Q: What is CUDA?
CUDA® is a parallel computing platform and programming model that enables dramatic increases in computing performance by harnessing the power of the graphics processing unit (GPU).
Since its introduction in 2006, CUDA has been widely deployed through thousands of applications and published research papers, and supported by an installed base of hundreds of millions of CUDA-enabled GPUs in notebooks, workstations, compute clusters and supercomputers. Applications used in astronomy, biology, chemistry, physics, data mining, manufacturing, finance, and other computationally intense fields are increasing using CUDA to deliver the benefits of GPU acceleration.
Q: What is NVIDIA Tesla™?
With the world’s first teraflop many-core processor, NVIDIA® Tesla™ computing solutions enable the necessary transition to energy efficient parallel computing power. With thousands of CUDA cores per processor , Tesla scales to solve the world’s most important computing challenges—quickly and accurately.
Q: What is OpenACC?
OpenACC is an open industry standard for compiler directives or hints which can be inserted in code written in C or Fortran enabling the compiler to generate code which would run in parallel on multi-CPU and GPU accelerated system. OpenACC directives are easy and powerful way to leverage the power of GPU Computing while keeping your code compatible for non-accelerated CPU only systems. Learn more at /openacc.

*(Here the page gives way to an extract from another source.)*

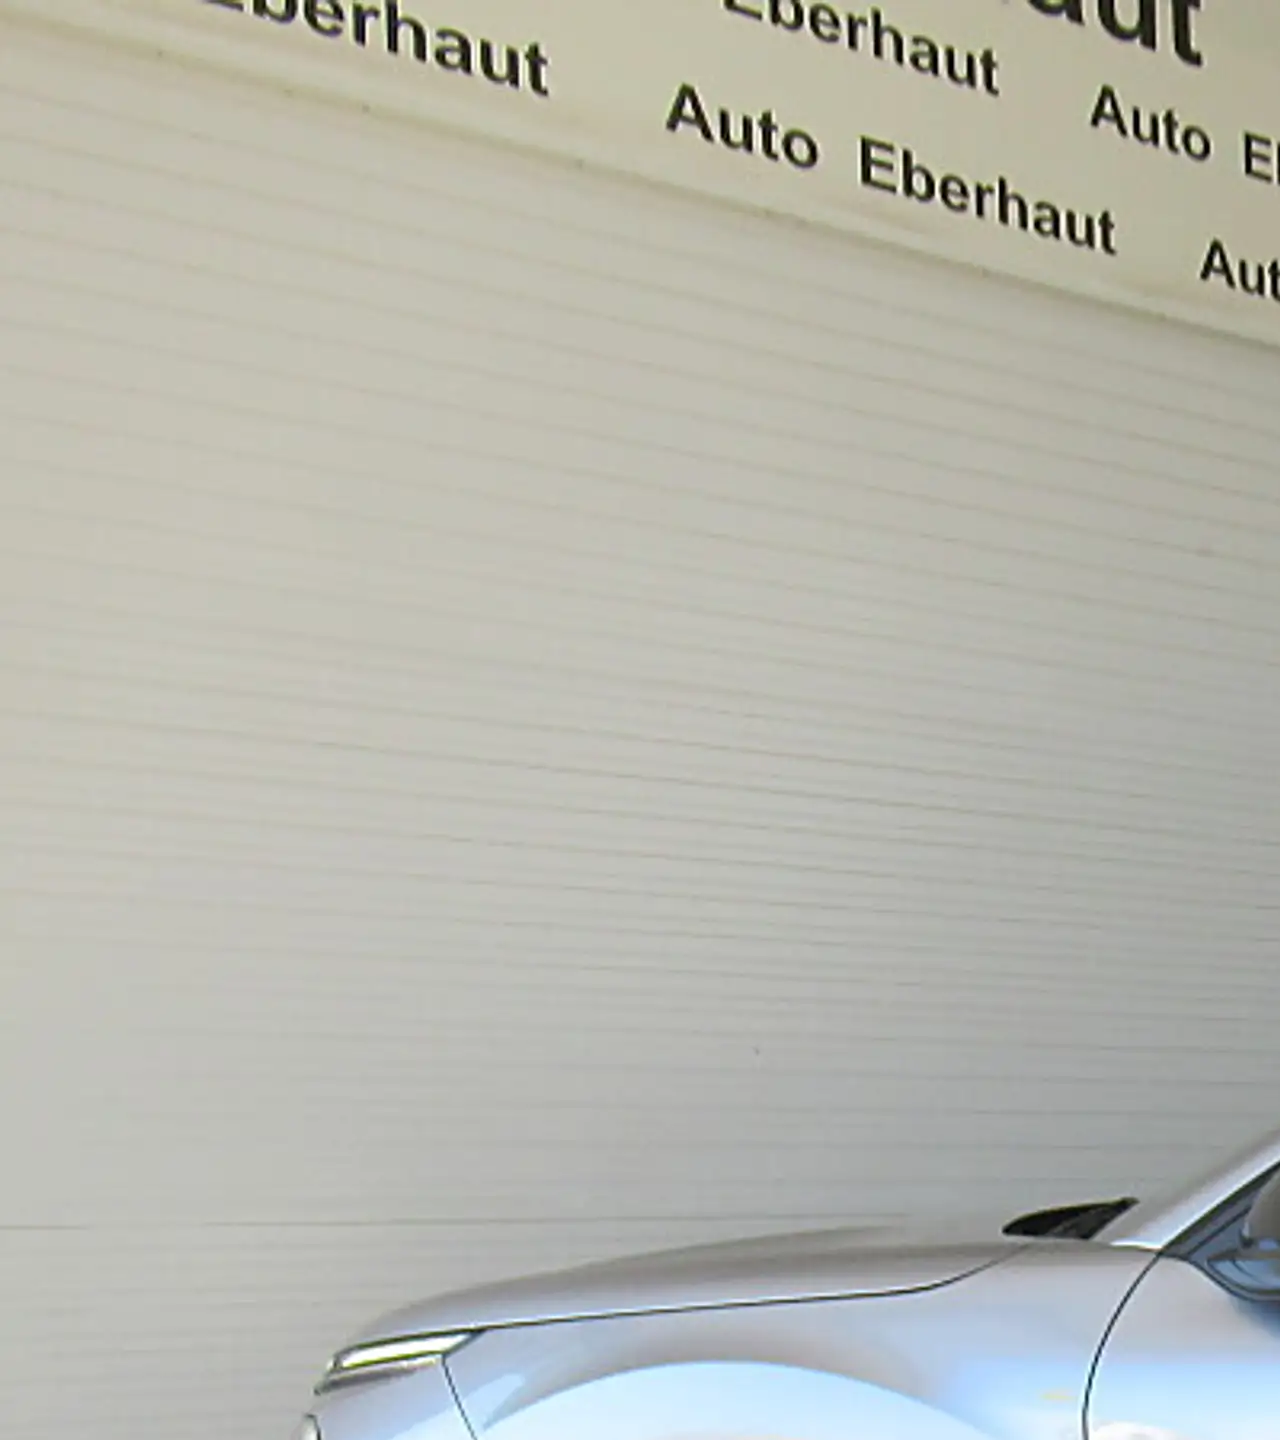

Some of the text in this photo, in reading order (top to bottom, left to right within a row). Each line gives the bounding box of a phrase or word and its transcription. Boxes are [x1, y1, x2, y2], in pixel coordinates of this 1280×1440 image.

[206, 0, 548, 98] erhaut
[665, 82, 1117, 257] Auto Eberhaut
[1090, 84, 1211, 163] Auto

Q: What kind of performance increase can I expect using GPU Computing over CPU-only code?
This depends on how well the problem maps onto the architecture. For data parallel applications, accelerations of more than two orders of magnitude have been seen. You can browse research, developer, applications and partners on our CUDA In Action Page
Q: Which GPUs support running CUDA-accelerated applications?
CUDA is a standard feature in all NVIDIA GeForce, Quadro, and Tesla GPUs as well as NVIDIA GRID solutions. A full list can be found on the CUDA GPUs Page.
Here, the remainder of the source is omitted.